- AIM OF THE EXERCISE
Write back every entry exactly as it reads, with the pictures left behind.

(Beginning of DATA EXCERPTS)

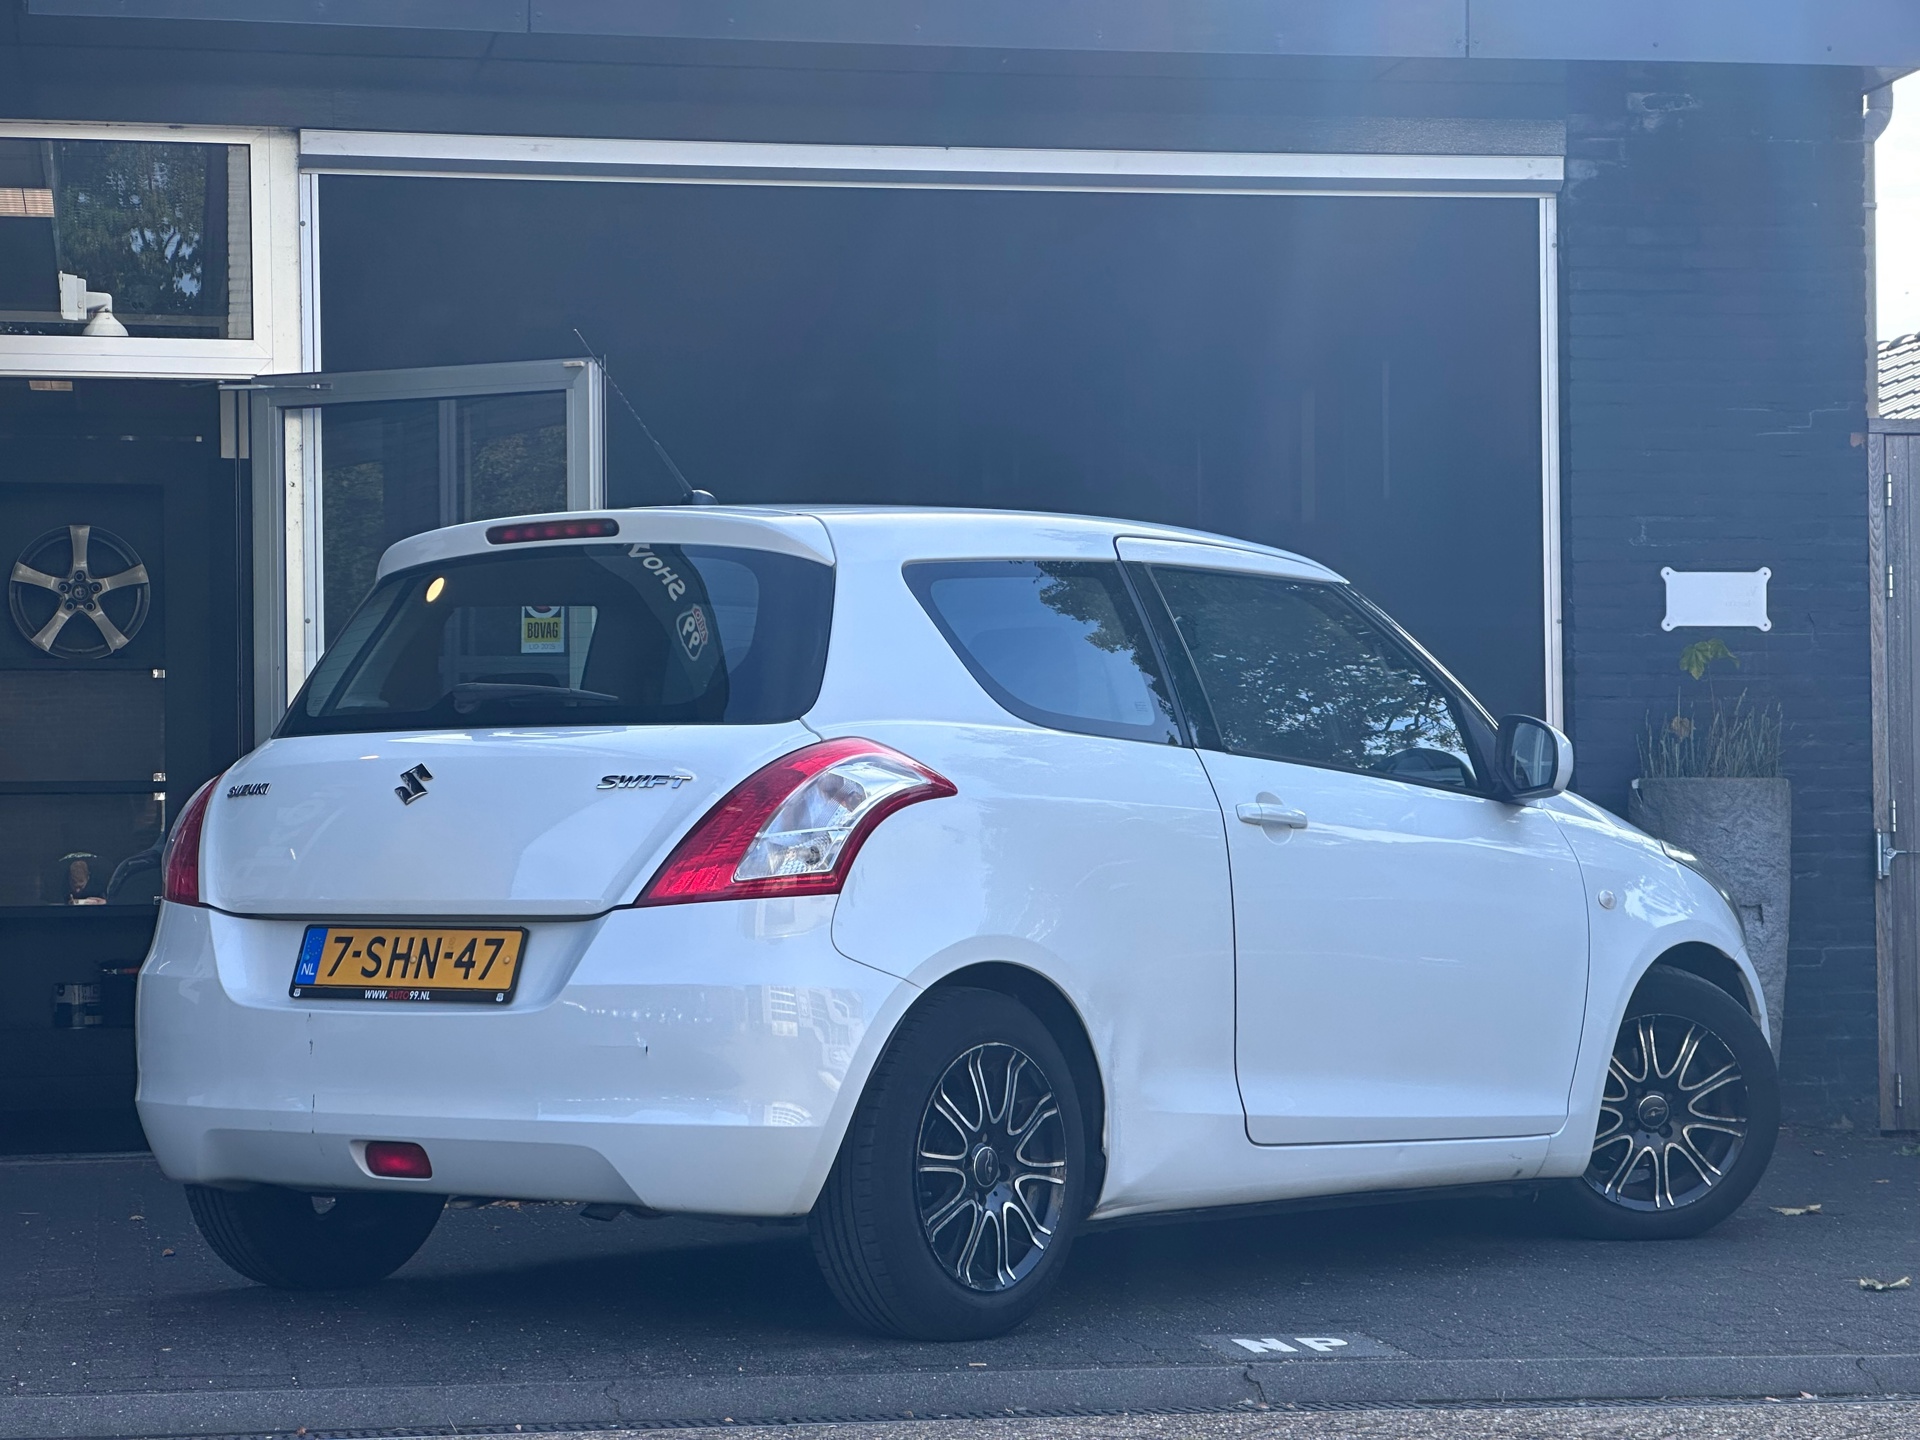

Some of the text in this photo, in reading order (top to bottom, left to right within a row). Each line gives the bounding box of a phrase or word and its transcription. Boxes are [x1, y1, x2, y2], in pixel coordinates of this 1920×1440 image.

[527, 622, 559, 639] BOVAG
[596, 774, 693, 790] SWIFT
[227, 782, 271, 799] SUZUKI
[327, 936, 505, 980] 7-SHN-47
[300, 962, 315, 975] NL
[364, 989, 430, 1001] WWW.AUTO99.NL

(End of DATA EXCERPTS)

- SOLUTION FOR THIS TASK
Some of the text in this photo, in reading order (top to bottom, left to right within a row). Each line gives the bounding box of a phrase or word and its transcription. Boxes are [x1, y1, x2, y2], in pixel coordinates of this 1920×1440 image.

[527, 622, 559, 639] BOVAG
[596, 774, 693, 790] SWIFT
[227, 782, 271, 799] SUZUKI
[327, 936, 505, 980] 7-SHN-47
[300, 962, 315, 975] NL
[364, 989, 430, 1001] WWW.AUTO99.NL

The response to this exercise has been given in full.